Kidney-Exchange PPO Policy (Nadhi long-horizon agent)

A PPO policy and its Gymnasium environment for the fair and robust kidney exchange problem, produced autonomously by Nadhi, a long-horizon research agent. The agent ran a multi-iteration reinforcement learning campaign and learned a cycle-selection policy that targets three things at once, optimal expected transplants, max-min fairness across sensitization classes, and robustness to edge failure, what we call the (O,F,R) objective.

This artifact is the empirical achievability result. It is not a proof of anything, it is a learned policy that beats a correctly implemented greedy heuristic on small bounded pools.
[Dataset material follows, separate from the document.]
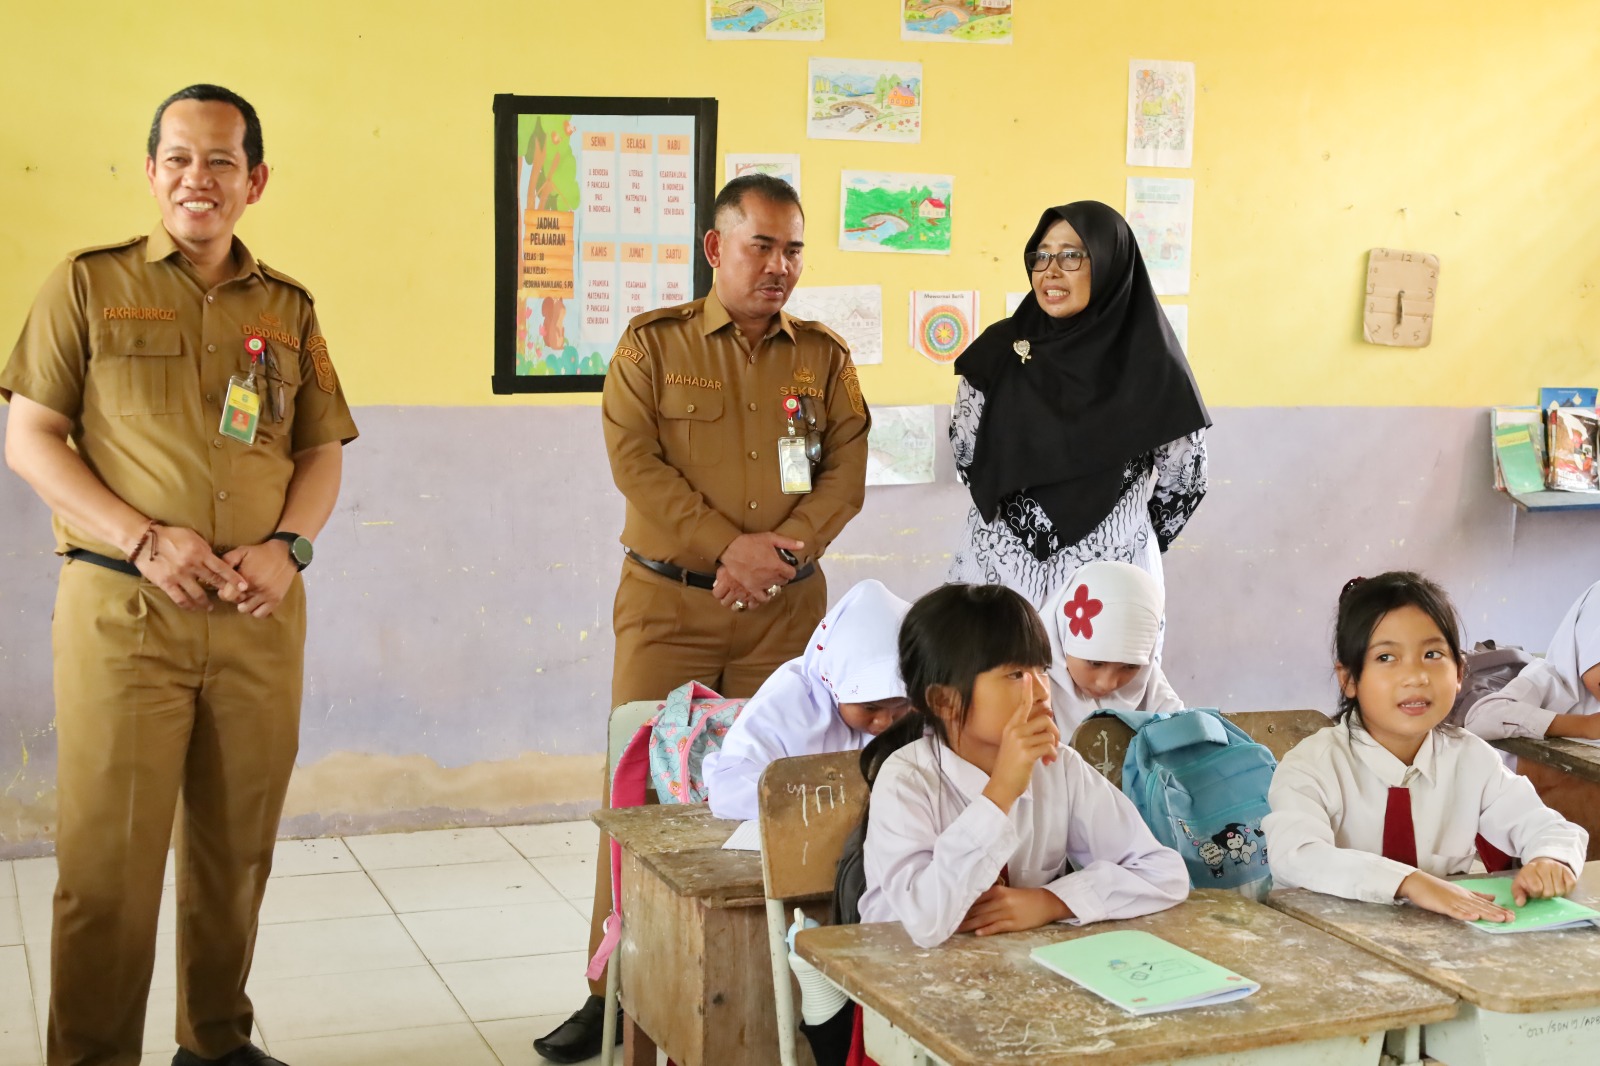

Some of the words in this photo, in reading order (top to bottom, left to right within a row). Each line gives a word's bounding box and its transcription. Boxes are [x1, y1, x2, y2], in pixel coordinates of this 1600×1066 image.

Every number here came from a real run.

What is in the box

File What it is
rl_env.py the KidneyExchangeEnv Gymnasium environment
policy.zip the trained Stable-Baselines3 PPO model
run.py single entry point, train and infer subcommands
train.py the original training script
eval.py the original evaluation script
learning_curve.png mean return vs training timesteps, from the real run
train_metrics.json the logged learning-curve points
rl_achievability.json the recorded evaluation summary

The environment

An instance is a directed compatibility graph on n = 20 pairs. Each vertex has a sensitization class in {0, 1, 2, 3}, with one class kept small and highly sensitized so fairness actually matters. Each edge realizes independently with probability p = 0.7, and cycles are bounded to length two and three.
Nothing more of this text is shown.